WHAT YOU NEED TO DO:
Output the listing below verbatim, without images.

EXCERPTED RECORDS:
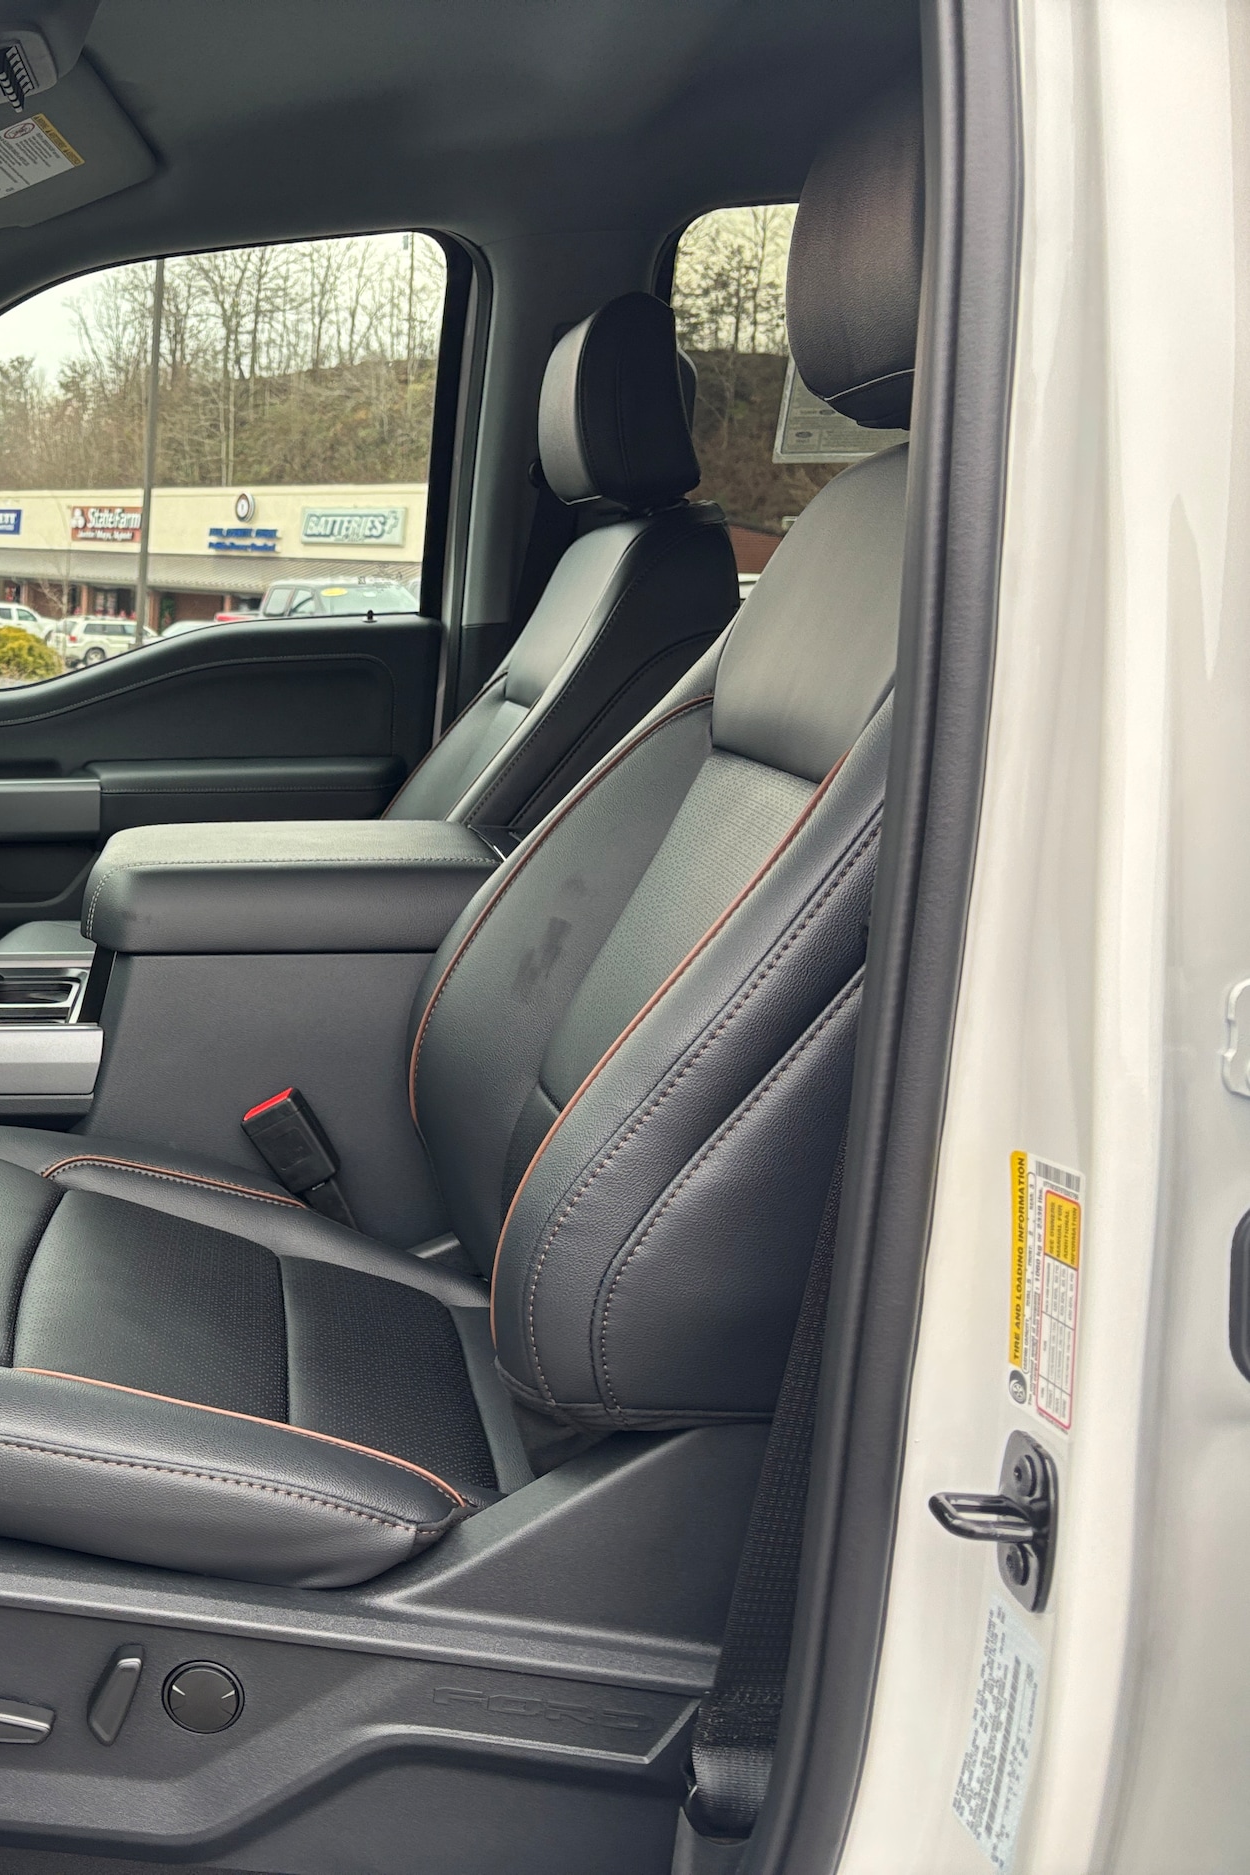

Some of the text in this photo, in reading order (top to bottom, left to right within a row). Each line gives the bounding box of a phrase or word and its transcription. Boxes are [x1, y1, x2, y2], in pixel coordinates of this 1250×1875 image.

[305, 513, 387, 538] BATTERIES
[1017, 1157, 1025, 1243] INFORMATION
[1015, 1246, 1023, 1300] LOADING
[433, 1686, 655, 1731] FORD

ANSWER BELOW:
Some of the text in this photo, in reading order (top to bottom, left to right within a row). Each line gives the bounding box of a phrase or word and its transcription. Boxes are [x1, y1, x2, y2], in pixel coordinates of this 1250×1875 image.

[305, 513, 387, 538] BATTERIES
[1017, 1157, 1025, 1243] INFORMATION
[1015, 1246, 1023, 1300] LOADING
[433, 1686, 655, 1731] FORD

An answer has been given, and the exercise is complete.